Each entry below must be repeated exactly, with pictures left out.

Saved data entries
◇ ◇ ◇ ◇

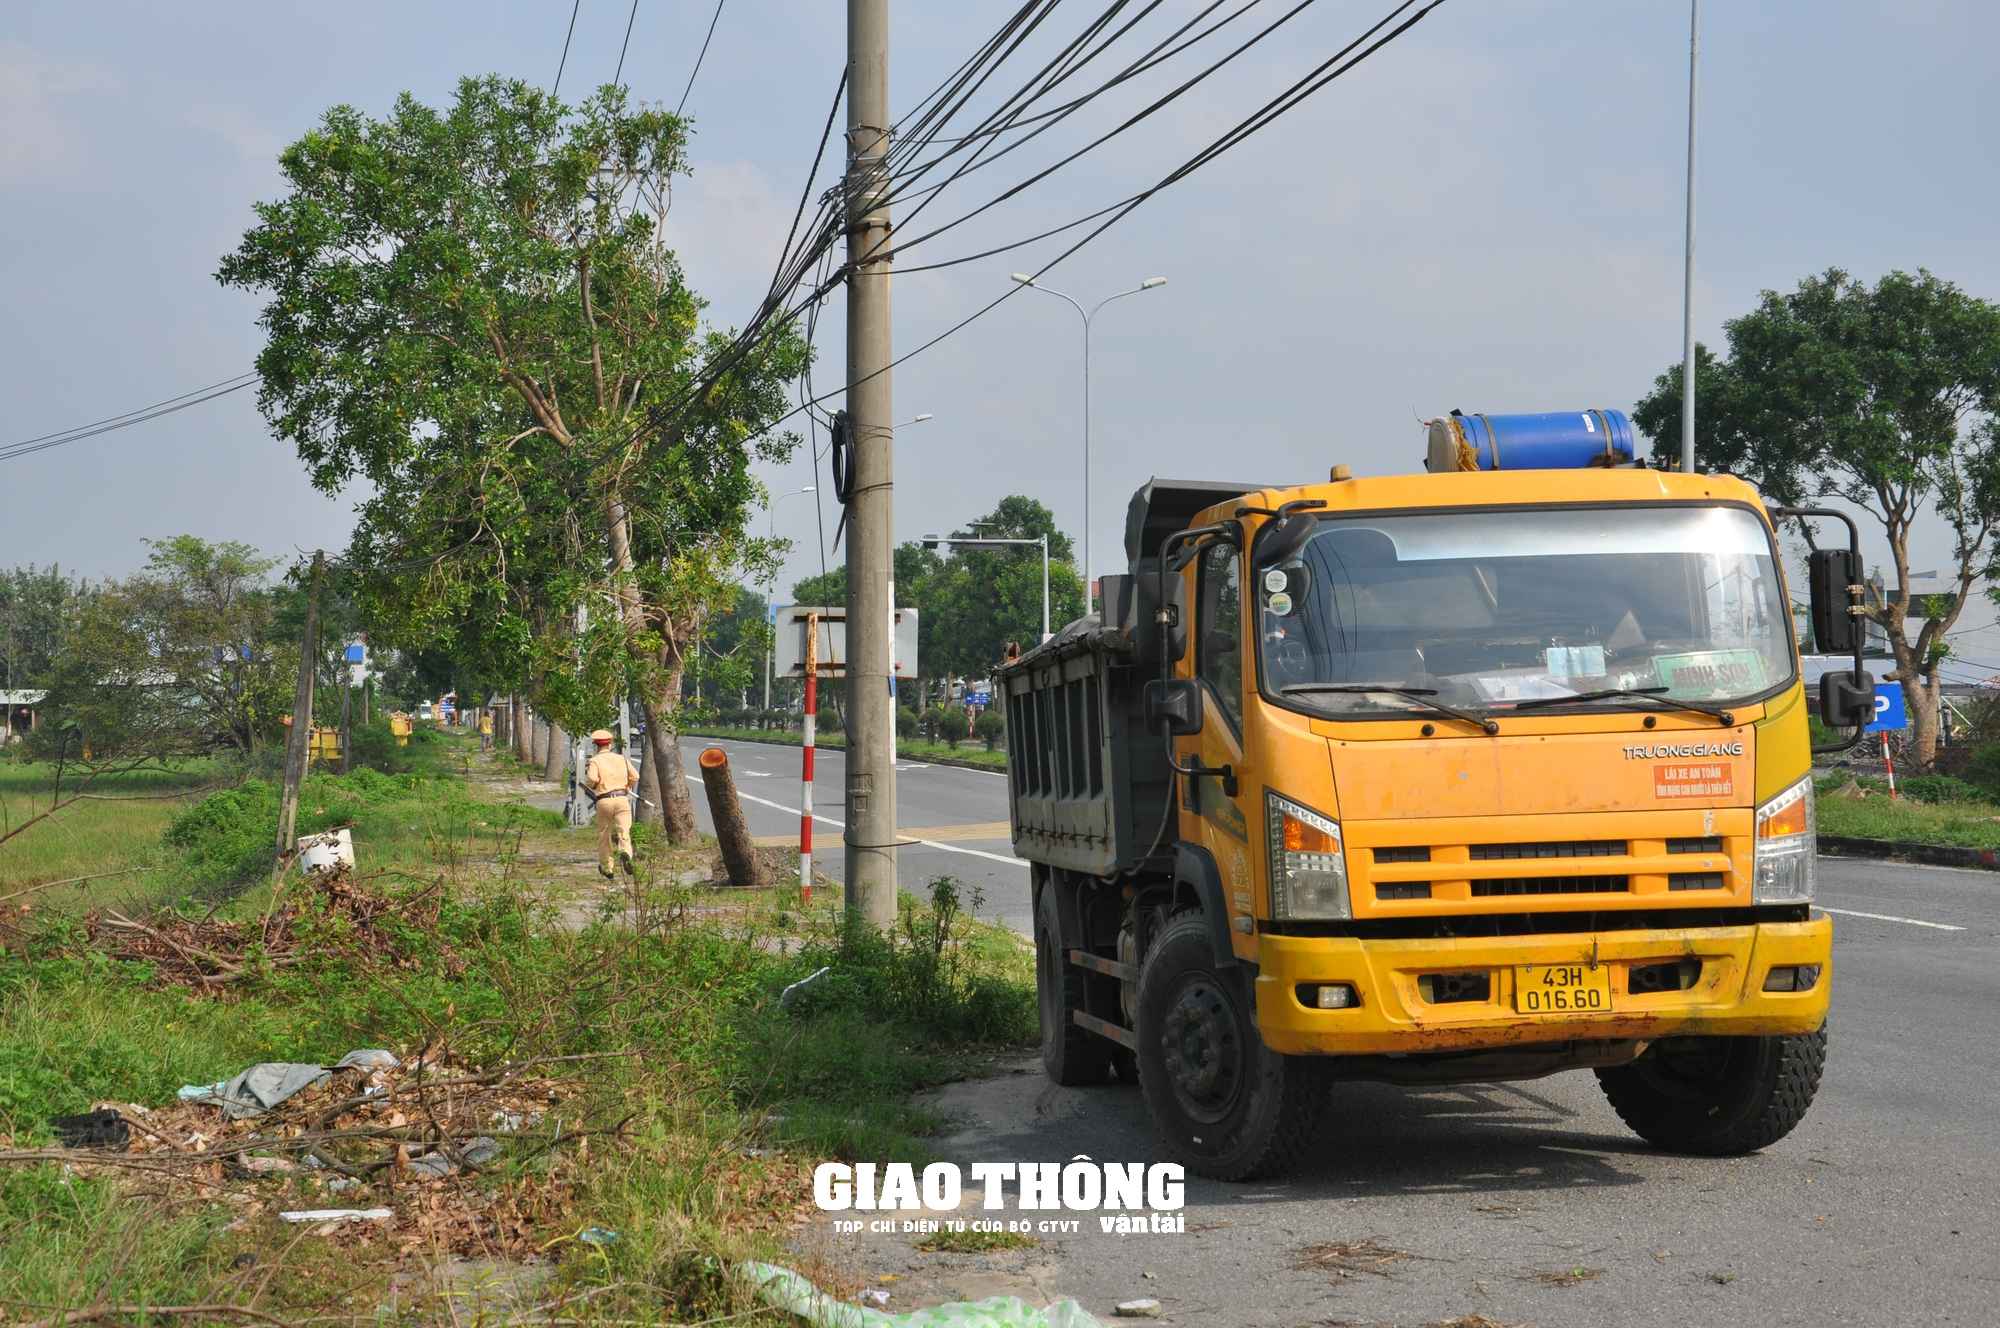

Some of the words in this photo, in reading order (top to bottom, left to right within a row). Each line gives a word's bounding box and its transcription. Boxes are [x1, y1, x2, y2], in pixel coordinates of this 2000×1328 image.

[1671, 665, 1716, 688] MINH
[1874, 695, 1890, 721] P
[1664, 766, 1677, 780] LÁI
[1678, 768, 1688, 779] XE
[1689, 767, 1700, 779] AN
[1701, 765, 1722, 778] TOÀN
[1543, 967, 1582, 987] 43H
[1527, 989, 1600, 1010] 016.60
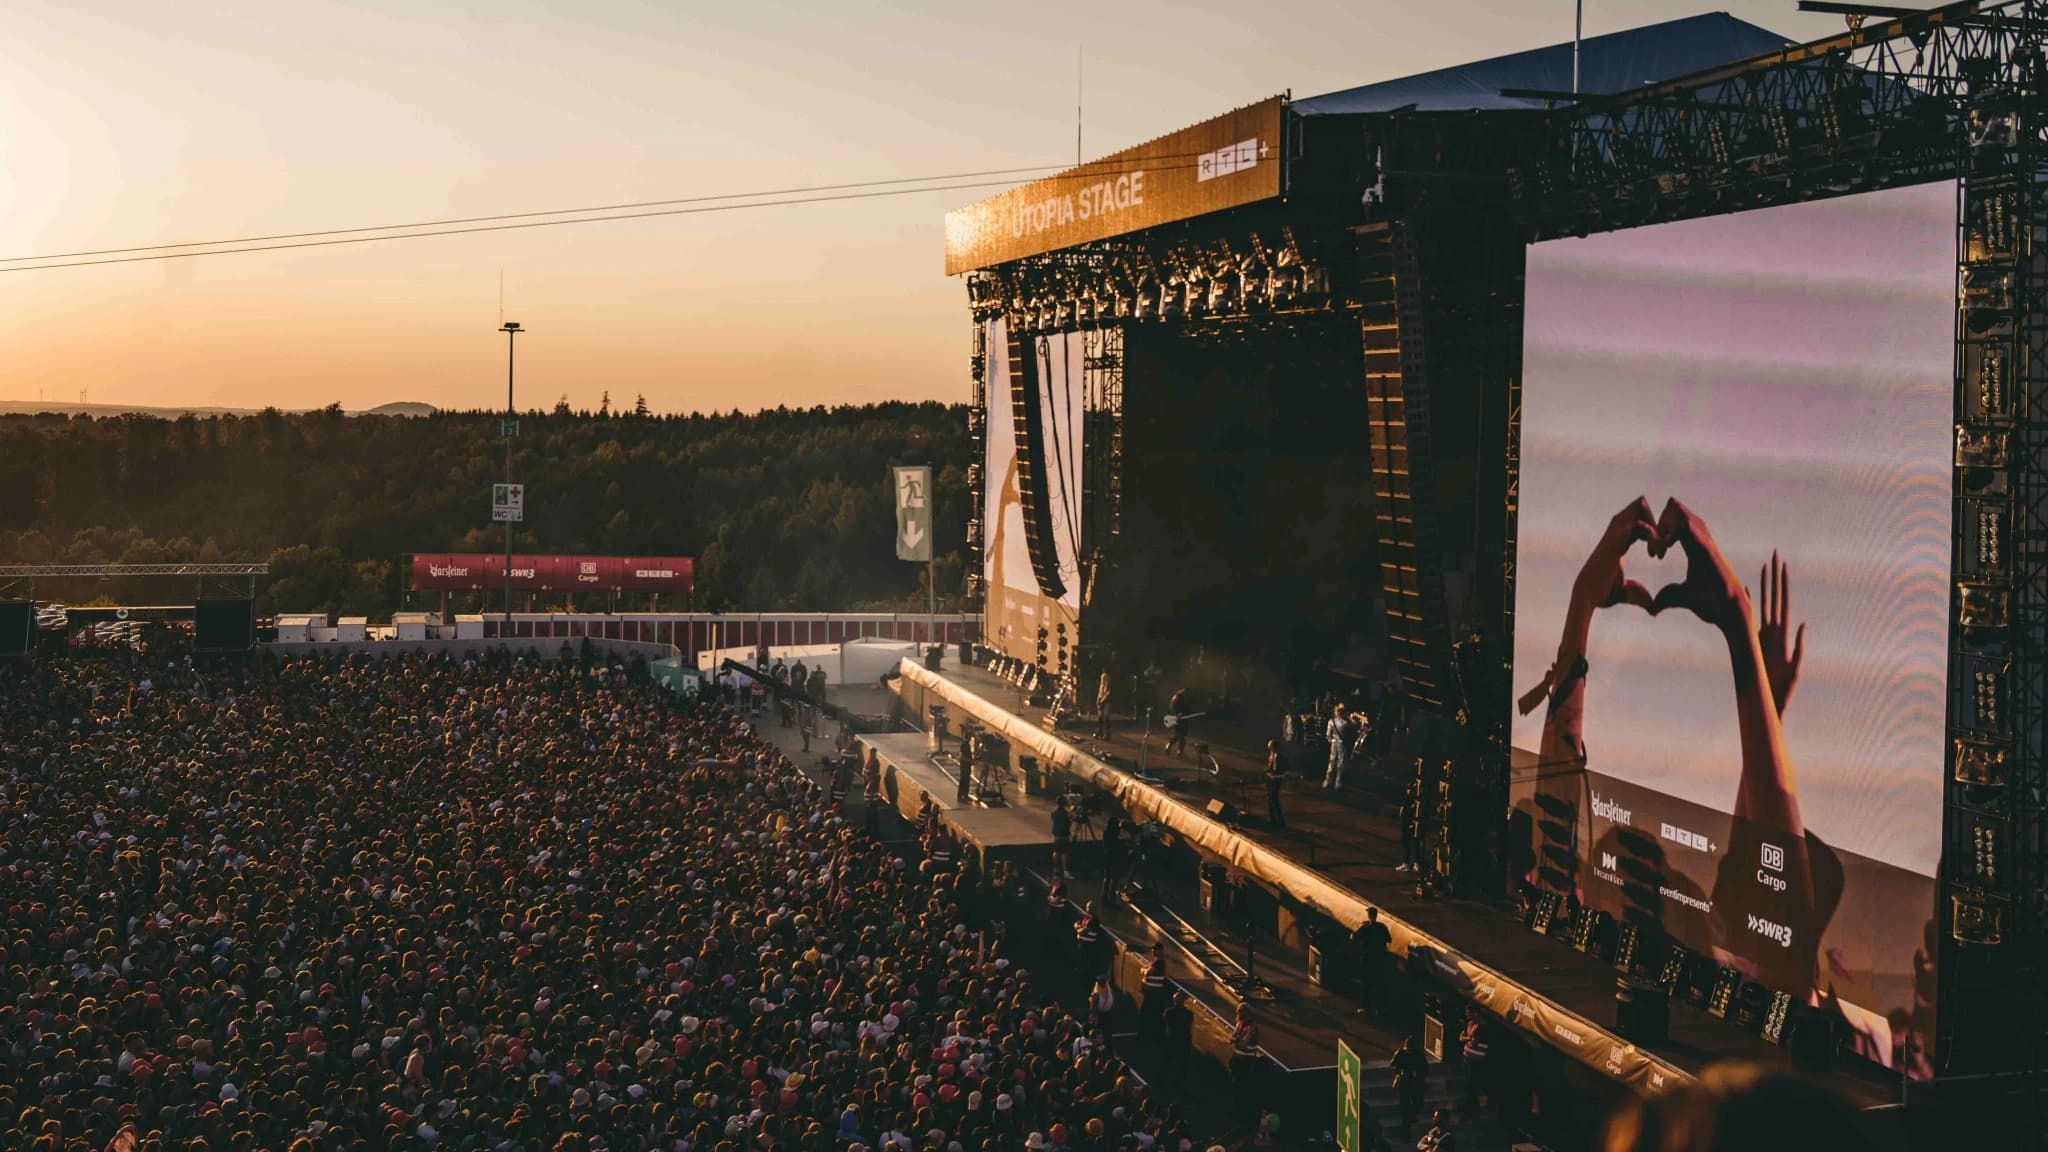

◇ ◇ ◇ ◇

RESULT >>
Some of the words in this photo, in reading order (top to bottom, left to right within a row). Each line gives a word's bounding box and its transcription. Boxes are [x1, y1, x2, y2], in pixel coordinates of this 2000×1328 image.

[1671, 665, 1716, 688] MINH
[1874, 695, 1890, 721] P
[1664, 766, 1677, 780] LÁI
[1678, 768, 1688, 779] XE
[1689, 767, 1700, 779] AN
[1701, 765, 1722, 778] TOÀN
[1543, 967, 1582, 987] 43H
[1527, 989, 1600, 1010] 016.60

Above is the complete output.